Problem to solve: Word for word, return the entries listed below.

Entries provided:
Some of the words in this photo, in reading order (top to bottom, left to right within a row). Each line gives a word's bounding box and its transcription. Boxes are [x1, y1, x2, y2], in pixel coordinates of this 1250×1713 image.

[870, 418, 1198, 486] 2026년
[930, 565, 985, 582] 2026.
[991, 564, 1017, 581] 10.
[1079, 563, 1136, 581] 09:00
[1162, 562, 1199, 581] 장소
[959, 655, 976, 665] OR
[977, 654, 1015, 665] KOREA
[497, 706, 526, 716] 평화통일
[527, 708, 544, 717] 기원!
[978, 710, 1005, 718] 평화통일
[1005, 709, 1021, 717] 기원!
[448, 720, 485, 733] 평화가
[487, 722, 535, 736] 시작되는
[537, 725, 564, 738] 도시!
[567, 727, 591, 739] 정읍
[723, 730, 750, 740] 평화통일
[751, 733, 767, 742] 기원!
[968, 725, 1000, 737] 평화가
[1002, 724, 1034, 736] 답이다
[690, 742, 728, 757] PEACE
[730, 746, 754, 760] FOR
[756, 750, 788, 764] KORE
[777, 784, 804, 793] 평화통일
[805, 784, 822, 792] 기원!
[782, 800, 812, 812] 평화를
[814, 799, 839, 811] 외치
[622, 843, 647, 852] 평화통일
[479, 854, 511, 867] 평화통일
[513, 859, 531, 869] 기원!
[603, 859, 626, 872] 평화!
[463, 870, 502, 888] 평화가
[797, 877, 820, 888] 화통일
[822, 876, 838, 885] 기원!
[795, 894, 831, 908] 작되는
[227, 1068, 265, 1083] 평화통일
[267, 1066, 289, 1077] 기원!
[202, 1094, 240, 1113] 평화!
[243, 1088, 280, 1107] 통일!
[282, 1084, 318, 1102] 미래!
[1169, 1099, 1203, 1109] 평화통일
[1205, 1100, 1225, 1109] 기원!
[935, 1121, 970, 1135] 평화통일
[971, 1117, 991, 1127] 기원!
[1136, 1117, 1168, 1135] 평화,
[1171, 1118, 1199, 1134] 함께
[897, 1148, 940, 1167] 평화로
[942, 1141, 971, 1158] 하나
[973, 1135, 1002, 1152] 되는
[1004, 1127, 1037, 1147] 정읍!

Result for this exercise:
Some of the words in this photo, in reading order (top to bottom, left to right within a row). Each line gives a word's bounding box and its transcription. Boxes are [x1, y1, x2, y2], in pixel coordinates of this 1250×1713 image.

[870, 418, 1198, 486] 2026년
[930, 565, 985, 582] 2026.
[991, 564, 1017, 581] 10.
[1079, 563, 1136, 581] 09:00
[1162, 562, 1199, 581] 장소
[959, 655, 976, 665] OR
[977, 654, 1015, 665] KOREA
[497, 706, 526, 716] 평화통일
[527, 708, 544, 717] 기원!
[978, 710, 1005, 718] 평화통일
[1005, 709, 1021, 717] 기원!
[448, 720, 485, 733] 평화가
[487, 722, 535, 736] 시작되는
[537, 725, 564, 738] 도시!
[567, 727, 591, 739] 정읍
[723, 730, 750, 740] 평화통일
[751, 733, 767, 742] 기원!
[968, 725, 1000, 737] 평화가
[1002, 724, 1034, 736] 답이다
[690, 742, 728, 757] PEACE
[730, 746, 754, 760] FOR
[756, 750, 788, 764] KORE
[777, 784, 804, 793] 평화통일
[805, 784, 822, 792] 기원!
[782, 800, 812, 812] 평화를
[814, 799, 839, 811] 외치
[622, 843, 647, 852] 평화통일
[479, 854, 511, 867] 평화통일
[513, 859, 531, 869] 기원!
[603, 859, 626, 872] 평화!
[463, 870, 502, 888] 평화가
[797, 877, 820, 888] 화통일
[822, 876, 838, 885] 기원!
[795, 894, 831, 908] 작되는
[227, 1068, 265, 1083] 평화통일
[267, 1066, 289, 1077] 기원!
[202, 1094, 240, 1113] 평화!
[243, 1088, 280, 1107] 통일!
[282, 1084, 318, 1102] 미래!
[1169, 1099, 1203, 1109] 평화통일
[1205, 1100, 1225, 1109] 기원!
[935, 1121, 970, 1135] 평화통일
[971, 1117, 991, 1127] 기원!
[1136, 1117, 1168, 1135] 평화,
[1171, 1118, 1199, 1134] 함께
[897, 1148, 940, 1167] 평화로
[942, 1141, 971, 1158] 하나
[973, 1135, 1002, 1152] 되는
[1004, 1127, 1037, 1147] 정읍!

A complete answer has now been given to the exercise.